Tais fundamentos estabelecem as bases para a atuação estatal na arrecadação e destinação de terras públicas, bem como para a legitimação de ocupações consolidadas, tendo como objetivo final a promoção da justiça fundiária e o desenvolvimento rural sustentável.

No Estado do Tocantins, antigo norte Goiano, o Decreto-Lei n° 1.164/71 teve impacto direto sobre áreas marginais à BR-153 (Belém-Brasília). O dispositivo declarava indispensáveis à segurança e ao desenvolvimento nacional as terras devolutas situadas em faixa de cem quilômetros de largura em cada lado do eixo das rodovias da Amazônia Legal (BRASIL, 1971).

Contudo, como observa Bugano e Lippi (2020) sua aplicação não implicou em desapropriação sumária, mas sim na incorporação dessas terras ao domínio da União, gerando disputas dominicais com o Estado de Goiás e, posteriormente, com o Tocantins após sua criação em 1988.

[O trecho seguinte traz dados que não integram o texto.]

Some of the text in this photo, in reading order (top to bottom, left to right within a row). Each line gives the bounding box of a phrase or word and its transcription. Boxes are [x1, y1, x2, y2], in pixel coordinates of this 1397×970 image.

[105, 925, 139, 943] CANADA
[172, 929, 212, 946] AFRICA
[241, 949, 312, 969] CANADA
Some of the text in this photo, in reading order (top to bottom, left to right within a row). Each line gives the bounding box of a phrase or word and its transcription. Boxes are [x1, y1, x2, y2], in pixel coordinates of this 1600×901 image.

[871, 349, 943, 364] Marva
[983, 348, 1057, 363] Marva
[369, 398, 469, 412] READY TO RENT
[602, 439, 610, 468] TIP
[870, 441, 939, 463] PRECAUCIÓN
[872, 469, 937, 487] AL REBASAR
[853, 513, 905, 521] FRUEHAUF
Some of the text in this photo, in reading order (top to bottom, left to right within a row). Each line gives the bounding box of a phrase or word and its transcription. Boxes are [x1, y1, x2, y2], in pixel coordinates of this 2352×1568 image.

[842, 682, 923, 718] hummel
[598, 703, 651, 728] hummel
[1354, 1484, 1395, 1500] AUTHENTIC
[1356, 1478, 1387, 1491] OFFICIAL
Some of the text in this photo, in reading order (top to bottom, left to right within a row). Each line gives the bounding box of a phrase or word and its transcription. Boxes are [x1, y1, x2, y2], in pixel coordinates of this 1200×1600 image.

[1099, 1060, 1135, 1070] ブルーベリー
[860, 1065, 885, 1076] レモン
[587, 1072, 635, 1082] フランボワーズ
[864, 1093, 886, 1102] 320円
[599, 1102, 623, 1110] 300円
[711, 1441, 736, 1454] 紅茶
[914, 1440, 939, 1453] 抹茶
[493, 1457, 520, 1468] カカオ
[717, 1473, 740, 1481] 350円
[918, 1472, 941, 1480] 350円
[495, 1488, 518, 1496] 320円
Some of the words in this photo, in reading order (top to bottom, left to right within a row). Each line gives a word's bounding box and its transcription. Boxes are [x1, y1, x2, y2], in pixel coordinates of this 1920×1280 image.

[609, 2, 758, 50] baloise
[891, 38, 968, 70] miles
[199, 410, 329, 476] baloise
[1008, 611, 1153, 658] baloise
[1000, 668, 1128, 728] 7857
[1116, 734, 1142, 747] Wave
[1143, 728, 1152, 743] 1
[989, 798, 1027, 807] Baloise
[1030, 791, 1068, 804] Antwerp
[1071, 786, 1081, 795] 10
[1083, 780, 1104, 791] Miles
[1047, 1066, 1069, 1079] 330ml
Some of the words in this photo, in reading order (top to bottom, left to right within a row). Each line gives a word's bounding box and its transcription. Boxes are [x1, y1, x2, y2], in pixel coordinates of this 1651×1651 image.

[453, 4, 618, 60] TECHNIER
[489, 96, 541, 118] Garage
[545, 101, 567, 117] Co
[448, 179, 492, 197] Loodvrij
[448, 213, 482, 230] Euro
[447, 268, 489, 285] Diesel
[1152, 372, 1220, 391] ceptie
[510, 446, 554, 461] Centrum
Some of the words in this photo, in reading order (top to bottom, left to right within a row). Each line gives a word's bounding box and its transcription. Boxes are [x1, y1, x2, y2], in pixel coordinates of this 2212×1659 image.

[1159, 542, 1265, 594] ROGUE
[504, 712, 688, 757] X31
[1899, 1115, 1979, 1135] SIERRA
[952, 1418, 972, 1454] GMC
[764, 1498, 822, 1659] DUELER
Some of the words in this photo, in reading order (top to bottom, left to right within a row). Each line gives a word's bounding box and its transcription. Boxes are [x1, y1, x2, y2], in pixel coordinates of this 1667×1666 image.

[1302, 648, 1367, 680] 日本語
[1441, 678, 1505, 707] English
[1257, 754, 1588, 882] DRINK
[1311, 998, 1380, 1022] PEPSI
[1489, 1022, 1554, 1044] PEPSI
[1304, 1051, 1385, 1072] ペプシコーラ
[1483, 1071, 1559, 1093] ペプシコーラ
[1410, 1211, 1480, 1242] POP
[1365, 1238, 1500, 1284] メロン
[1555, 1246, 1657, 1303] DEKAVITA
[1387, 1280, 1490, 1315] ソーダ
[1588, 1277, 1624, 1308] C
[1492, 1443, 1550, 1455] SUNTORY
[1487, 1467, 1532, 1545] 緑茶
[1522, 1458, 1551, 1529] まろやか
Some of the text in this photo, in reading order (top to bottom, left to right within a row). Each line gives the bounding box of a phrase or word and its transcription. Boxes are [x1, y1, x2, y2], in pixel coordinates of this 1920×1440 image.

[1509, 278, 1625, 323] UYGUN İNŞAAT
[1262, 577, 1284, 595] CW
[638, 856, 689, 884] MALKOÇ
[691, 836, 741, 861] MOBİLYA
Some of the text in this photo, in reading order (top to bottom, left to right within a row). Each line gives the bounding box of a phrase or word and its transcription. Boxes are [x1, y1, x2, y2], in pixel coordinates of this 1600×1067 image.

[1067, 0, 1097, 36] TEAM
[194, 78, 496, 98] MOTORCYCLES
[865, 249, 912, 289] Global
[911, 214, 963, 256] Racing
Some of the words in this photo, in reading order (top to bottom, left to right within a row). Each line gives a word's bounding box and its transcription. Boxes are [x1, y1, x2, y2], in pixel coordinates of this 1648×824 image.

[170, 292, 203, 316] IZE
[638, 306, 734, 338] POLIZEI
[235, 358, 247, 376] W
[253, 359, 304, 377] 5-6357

A prática de arrecadação sumária no Tocantins foi marcada por conflitos jurídicos prolongados. Segundo Marques (2015),a ausência de desapropriação sumária automática na implantação do decreto resultou em insegurança jurídica e em ações cíveis originárias que se estenderem até o século XXI, envolvendo a definição da titularidade das terras devolutas e a regularização fundiária.

Embora o decreto tenha sido revogado pelo Decreto-Lei n°2.375/1987, seu legado permanece como um dos principais pontos de debate sobre a destinação das terras públicas na região, evidenciando a tensão entre União e Estado na gestão fundiária (MARQUES, 2015).

3 PROCEDIMENTO DA ARRECADAÇÃO SUMÁRIA

A arrecadação sumária, prevista no artigo 28 da Lei nº 6.383/1976, é instrumento de aquisição originária da propriedade pública, dispensando processo judicial quando não houver oposição ou reivindicação de terceiros (BRASIL, 1976; MIRANDA; PASSOS JÚNIOR, 2023).

No contexto do Tocantins, a atuação do Grupo Executivo das Terras do Araguaia Tocantins (GETAT) evidenciou tanto o potencial regularizador dessa medida quanto seus riscos. Conforme analisado por Miranda e Passos Júnior (2023), a prática administrativa, em diversas ocasiões, desconsiderou situações jurídicas consolidadas, resultando em conflitos fundiários e insegurança possessória.

Além disso, a dualidade entre os registros federais e estaduais contribuiu para a sobreposição de títulos, expondo a fragilidade institucional na condução da política fundiária regional. A partir disso, torna-se necessário reavaliar o uso da arrecadação sumária à luz dos princípios constitucionais da função social da propriedade e do devido processo legal, especialmente em áreas com ocupações consolidadas há décadas (MIRANDA; PASSOS JÚNIOR, 2023).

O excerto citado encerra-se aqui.